**TASK GOAL**
Once the line holding "Some of the text" appears, repeat it and each line after it to the end of the data, exactly and with nothing else; pictures stay out.
+++ DATA FOR THIS EXERCISE +++
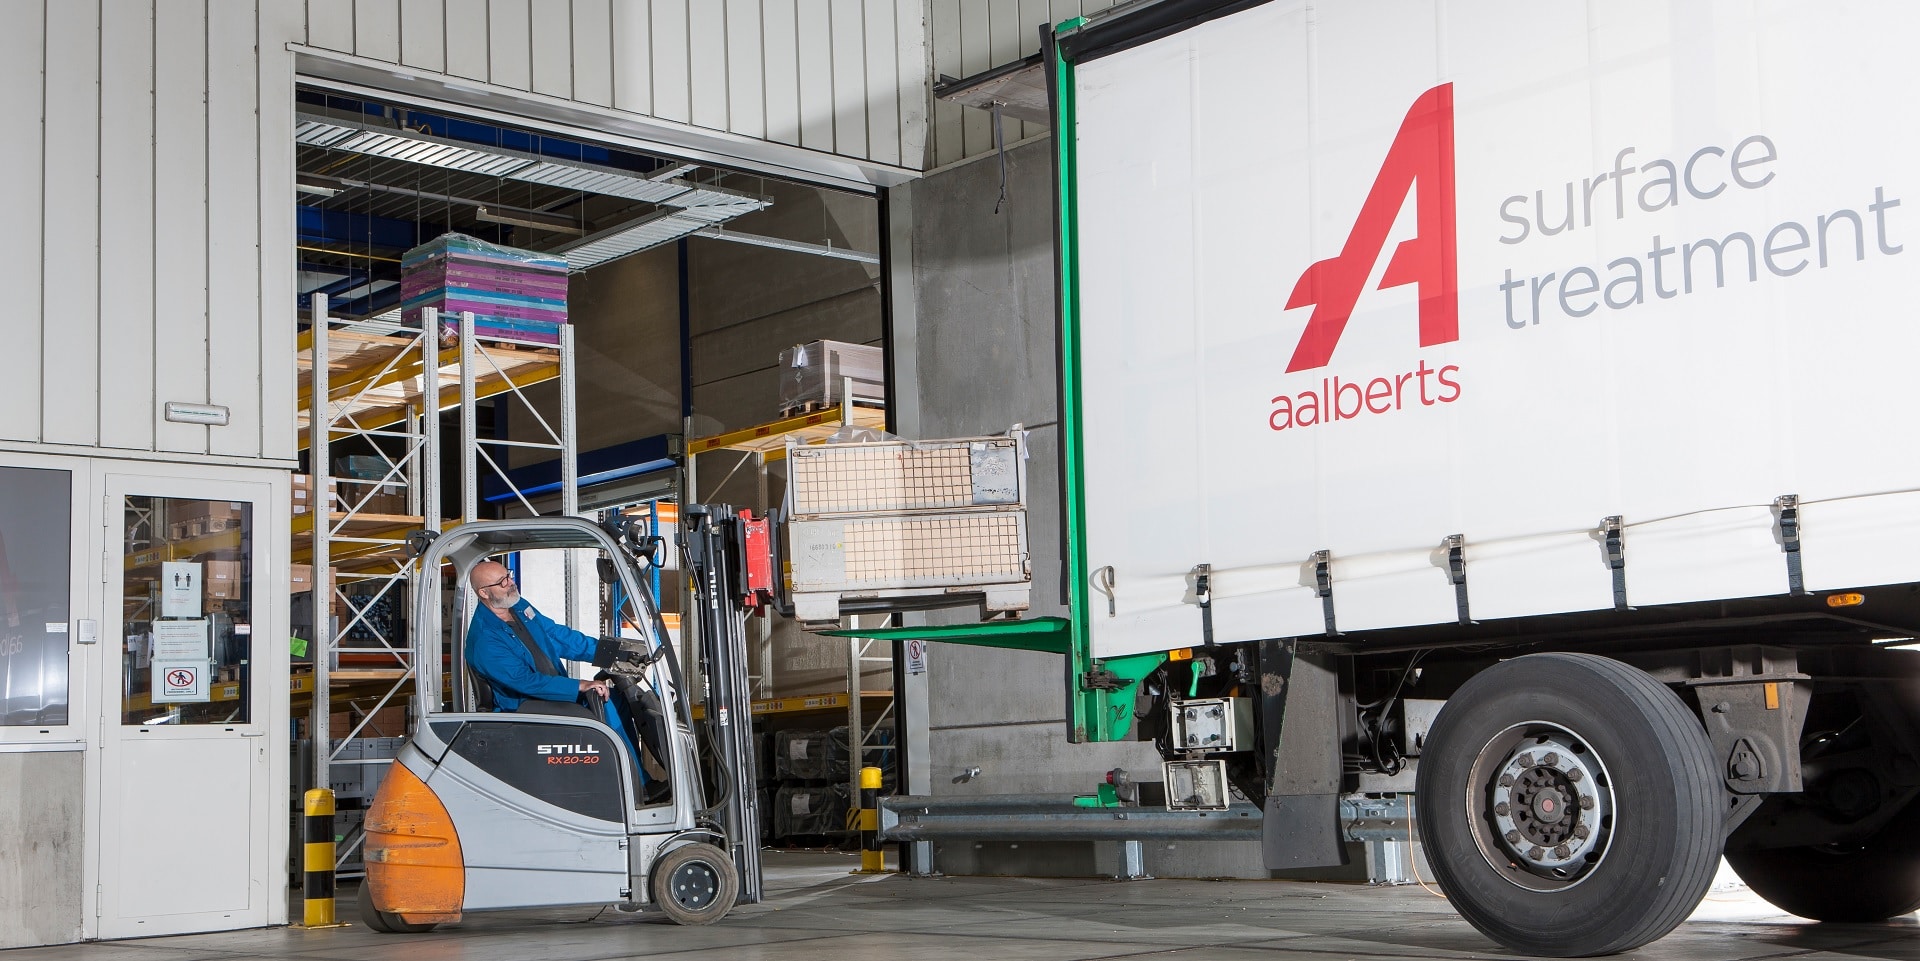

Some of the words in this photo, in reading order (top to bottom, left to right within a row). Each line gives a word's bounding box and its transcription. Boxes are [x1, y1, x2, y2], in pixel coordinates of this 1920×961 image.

[1499, 134, 1778, 245] surface
[1499, 186, 1904, 330] treatment
[1268, 359, 1461, 432] aalberts
[709, 566, 719, 610] STILL
[537, 744, 600, 754] STILL
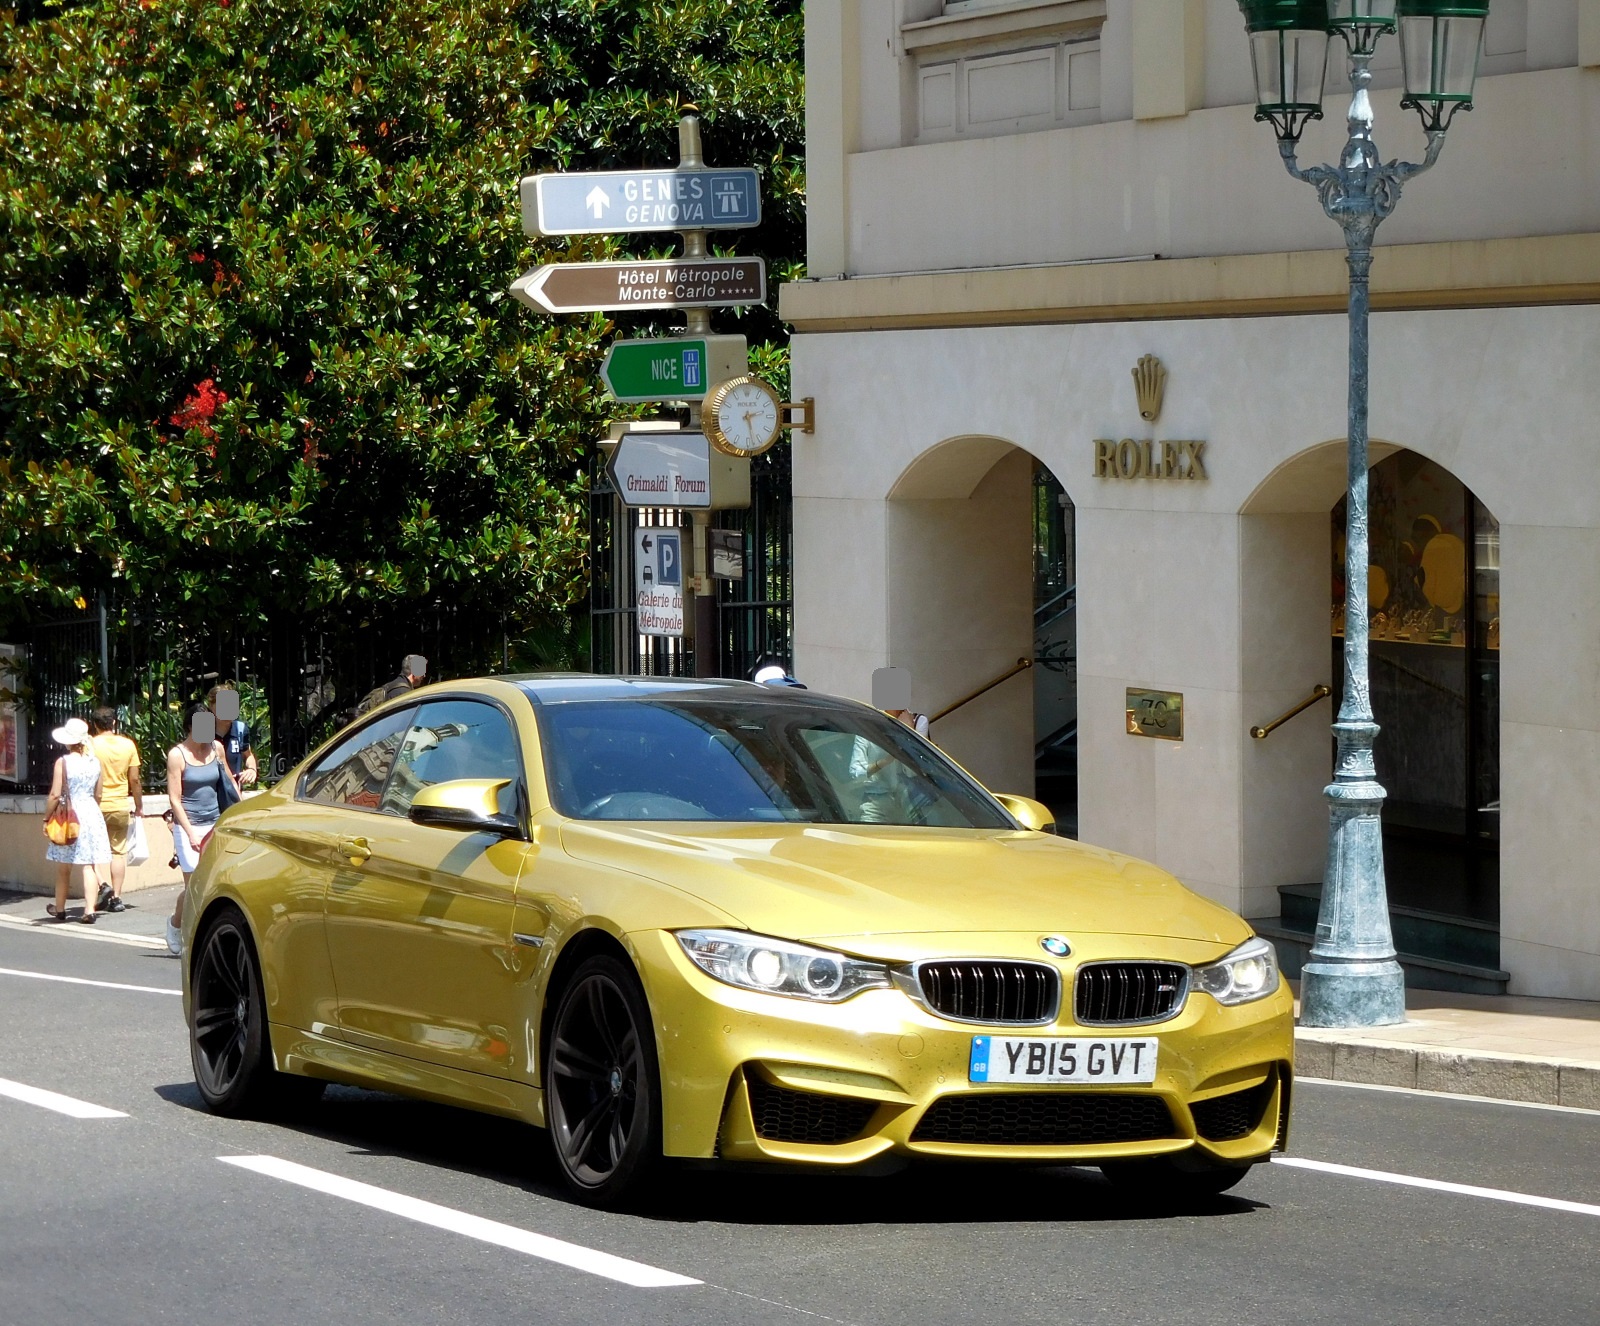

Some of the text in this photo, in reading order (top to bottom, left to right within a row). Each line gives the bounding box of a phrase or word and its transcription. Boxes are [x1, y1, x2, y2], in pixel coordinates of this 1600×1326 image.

[624, 177, 704, 201] GENES
[625, 203, 704, 223] GENOVA
[617, 267, 745, 285] Hôtel Métropole
[619, 284, 716, 301] Monte-Carlo
[651, 358, 678, 381] NICE
[1092, 438, 1208, 481] ROLEX
[627, 475, 706, 493] Grimaldi Forum
[638, 591, 682, 608] Galerie du
[639, 611, 682, 632] Métropole
[973, 1062, 987, 1072] GB
[1005, 1042, 1147, 1075] YB15 GVT
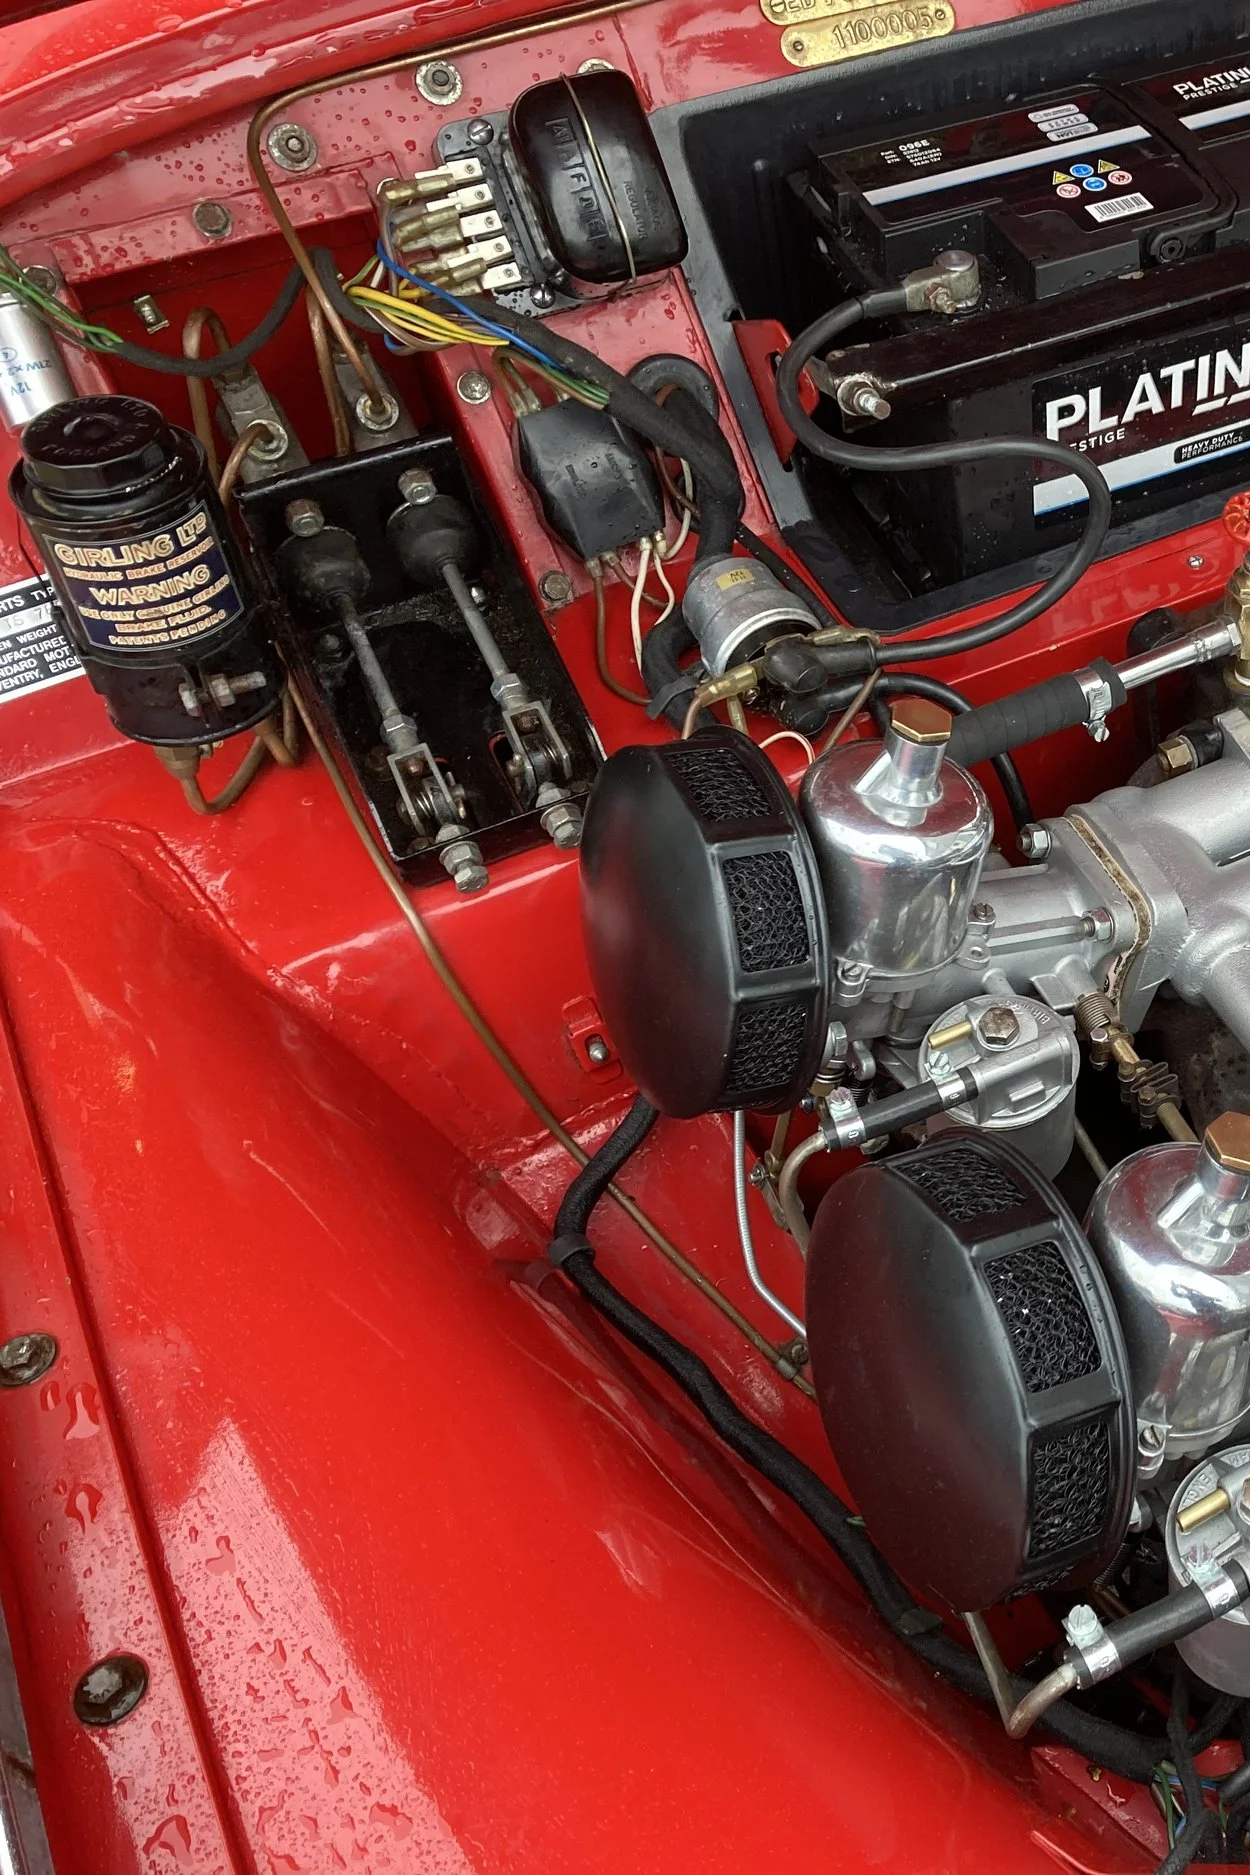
+++
**EXERCISE OUTPUT**
Some of the text in this photo, in reading order (top to bottom, left to right within a row). Each line gives the bounding box of a phrase or word and its transcription. Boxes are [x1, y1, x2, y2], in pixel coordinates of this 1600×1326 image.

[624, 177, 704, 201] GENES
[625, 203, 704, 223] GENOVA
[617, 267, 745, 285] Hôtel Métropole
[619, 284, 716, 301] Monte-Carlo
[651, 358, 678, 381] NICE
[1092, 438, 1208, 481] ROLEX
[627, 475, 706, 493] Grimaldi Forum
[638, 591, 682, 608] Galerie du
[639, 611, 682, 632] Métropole
[973, 1062, 987, 1072] GB
[1005, 1042, 1147, 1075] YB15 GVT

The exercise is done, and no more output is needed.